### Task description
Please copy exactly the lines that begin with the one containing "Some of the words" and end with the last line of the entries.

### Material for this exercise
# # # #

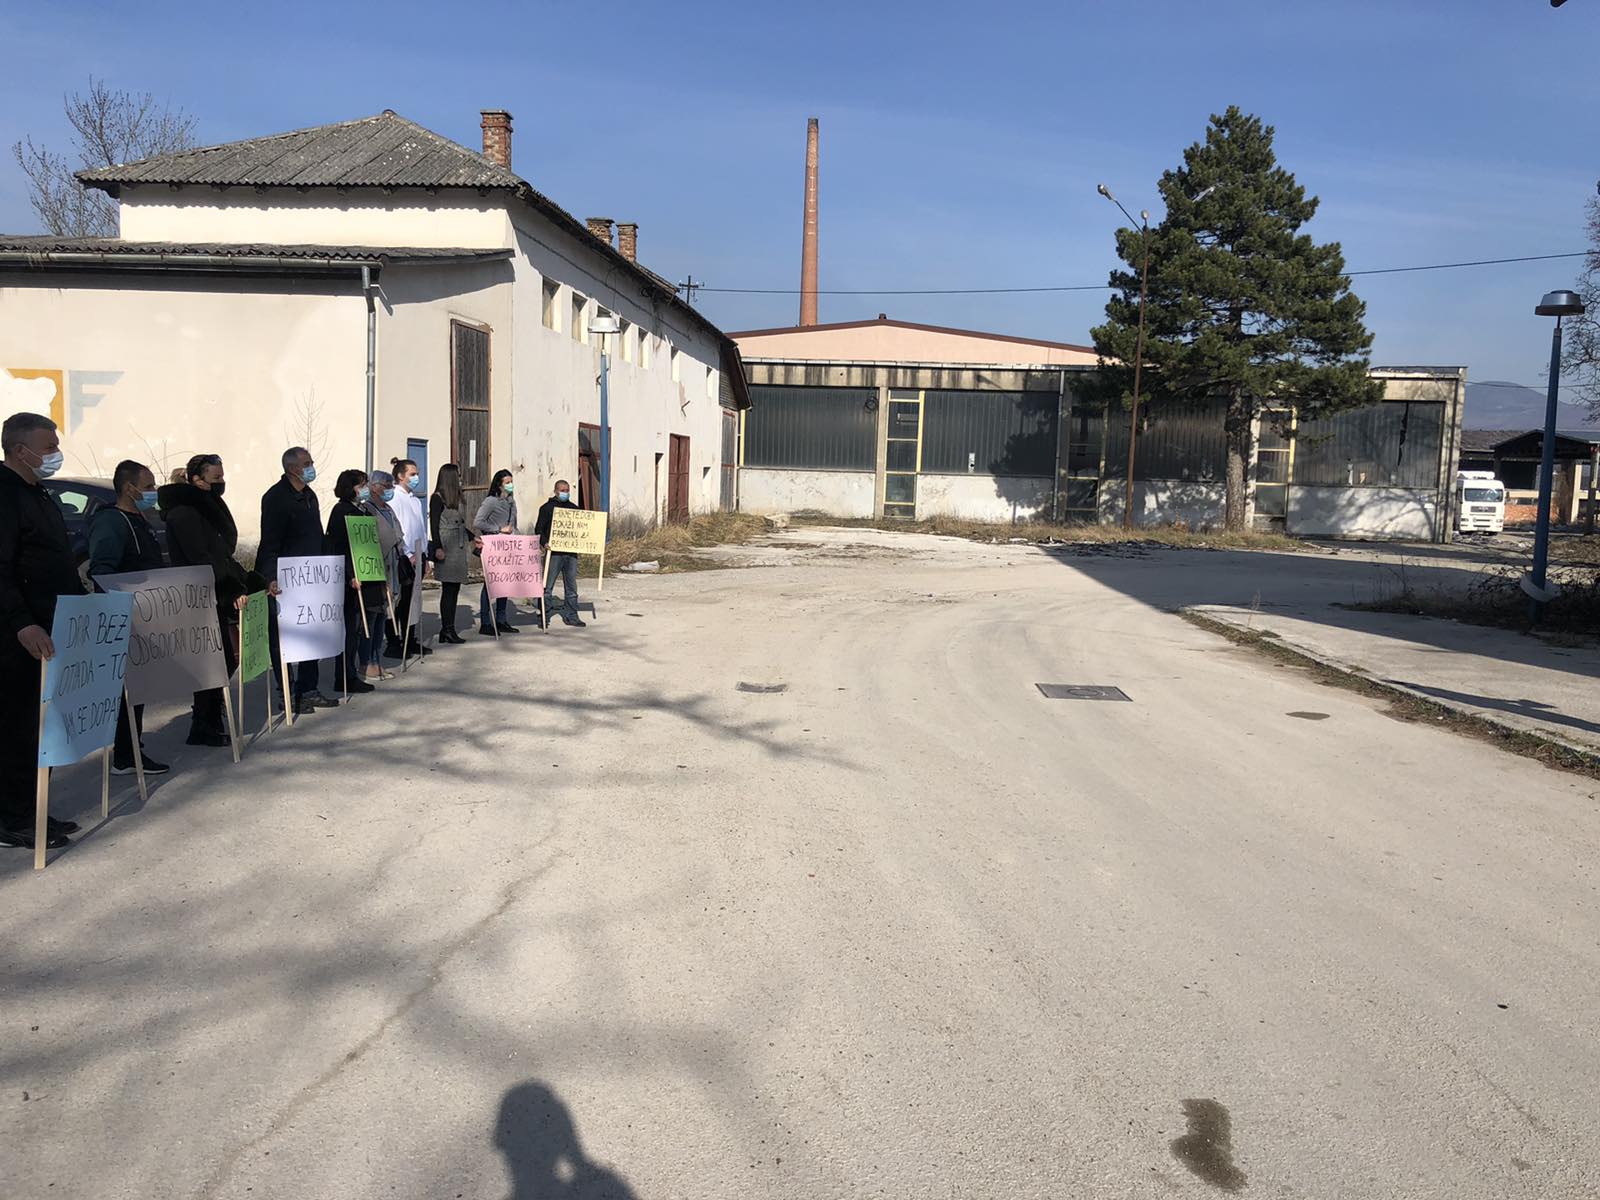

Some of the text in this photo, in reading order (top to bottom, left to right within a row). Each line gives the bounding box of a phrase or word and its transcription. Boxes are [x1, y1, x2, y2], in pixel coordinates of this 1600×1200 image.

[281, 560, 330, 588] TRAŽIMO
[134, 586, 182, 622] OTPAD
[296, 605, 316, 625] ZA
[96, 612, 129, 645] BEZ
[190, 626, 223, 655] OSTAJU
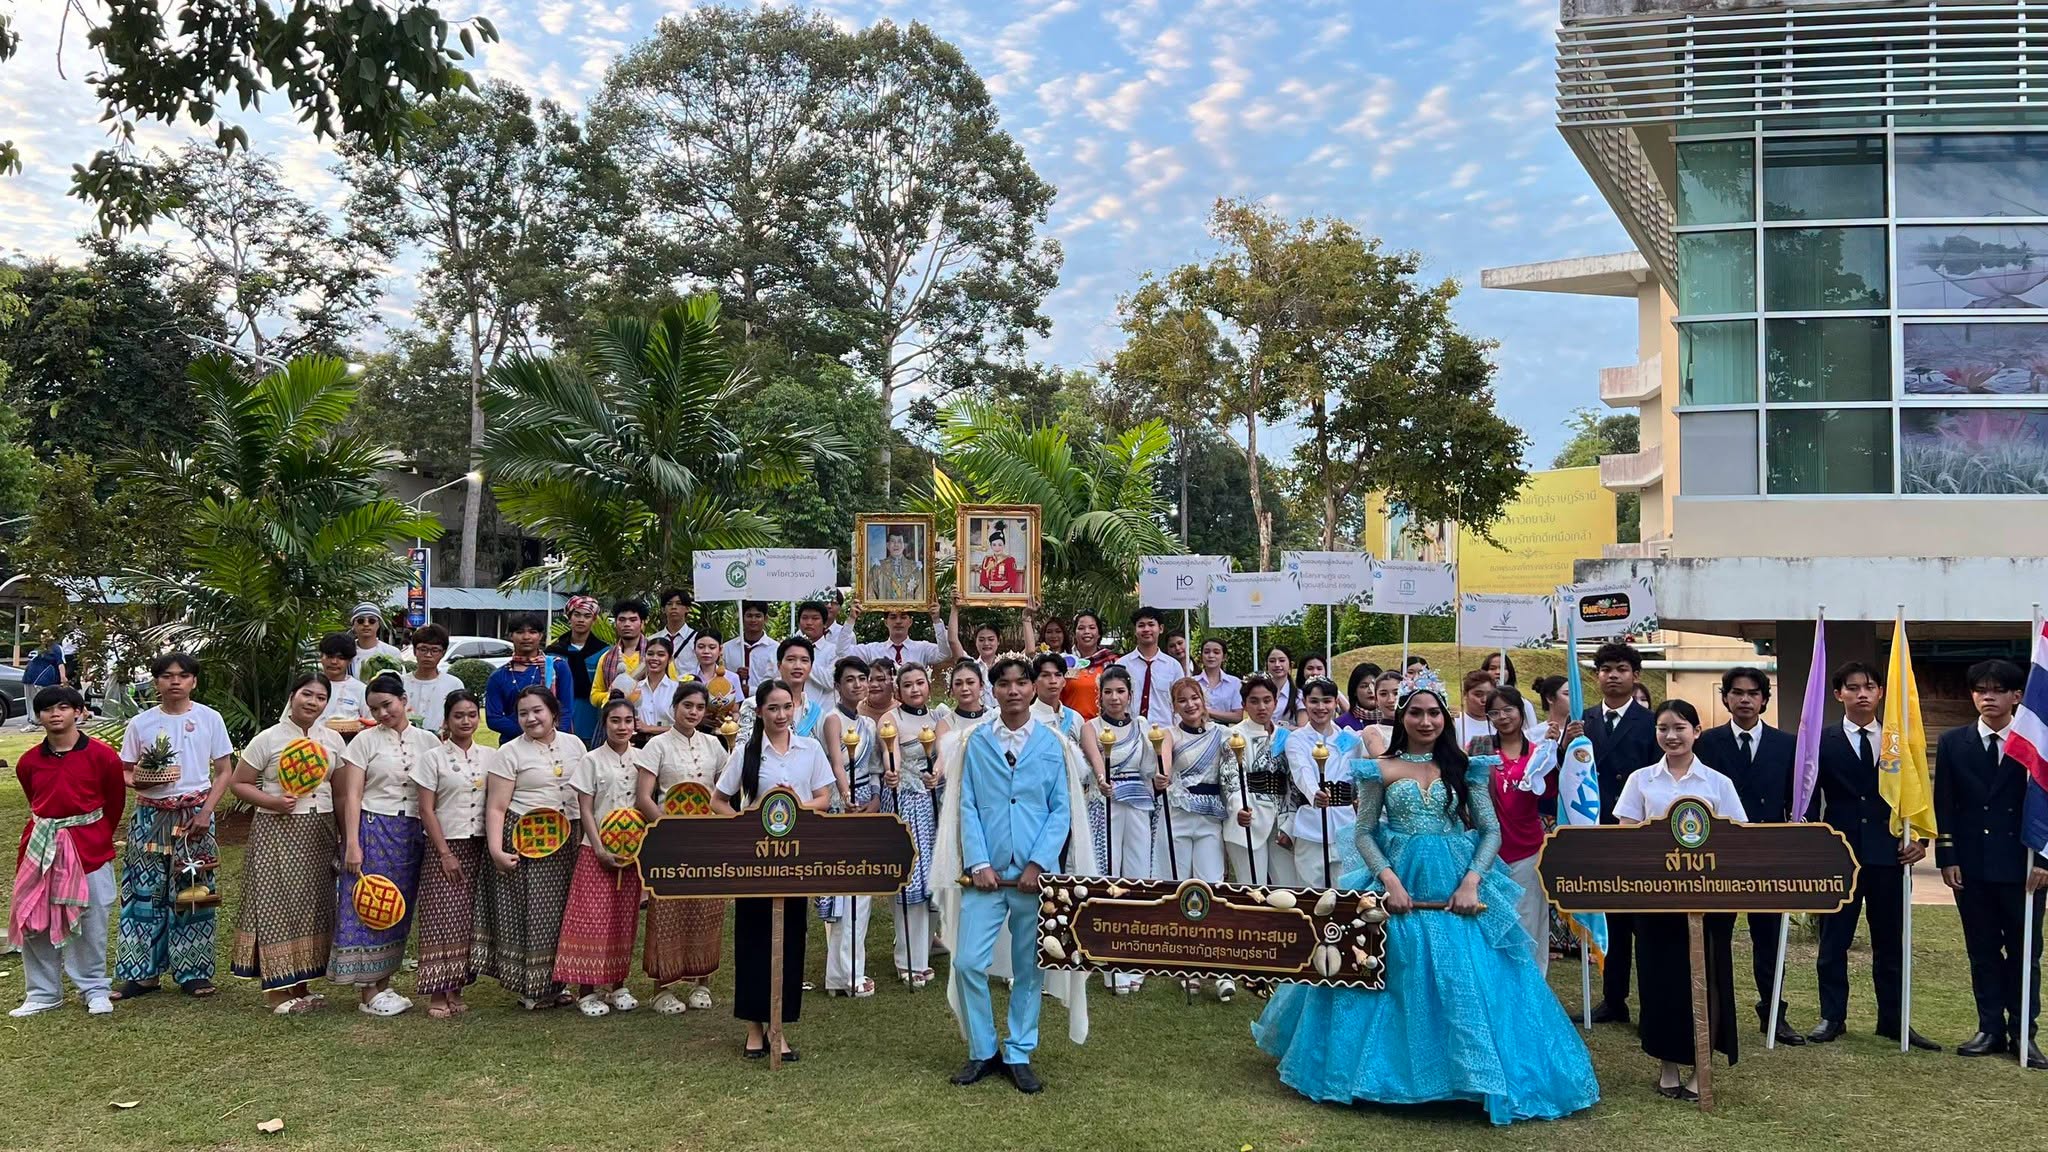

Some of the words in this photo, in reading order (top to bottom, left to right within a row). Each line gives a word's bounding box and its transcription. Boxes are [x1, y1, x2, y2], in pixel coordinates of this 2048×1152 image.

[755, 837, 800, 858] สาขา
[650, 860, 902, 880] การจัดการโรงแรมและธุรกิจเรือสำราญ
[1665, 848, 1716, 872] สาขา
[1556, 875, 1844, 893] ศิลปะการประกอบอาหารไทยและอาหารนานาชาติ
[1092, 918, 1233, 942] วิทยาลัยสหวิทยาการ
[1238, 929, 1297, 948] เกาะสมุย
[1111, 941, 1278, 960] มหาวิทยาลัยราชภัฏสุราษฎร์ธานี

# # # #

### Task answer
Some of the words in this photo, in reading order (top to bottom, left to right within a row). Each line gives a word's bounding box and its transcription. Boxes are [x1, y1, x2, y2], in pixel coordinates of this 2048×1152 image.

[755, 837, 800, 858] สาขา
[650, 860, 902, 880] การจัดการโรงแรมและธุรกิจเรือสำราญ
[1665, 848, 1716, 872] สาขา
[1556, 875, 1844, 893] ศิลปะการประกอบอาหารไทยและอาหารนานาชาติ
[1092, 918, 1233, 942] วิทยาลัยสหวิทยาการ
[1238, 929, 1297, 948] เกาะสมุย
[1111, 941, 1278, 960] มหาวิทยาลัยราชภัฏสุราษฎร์ธานี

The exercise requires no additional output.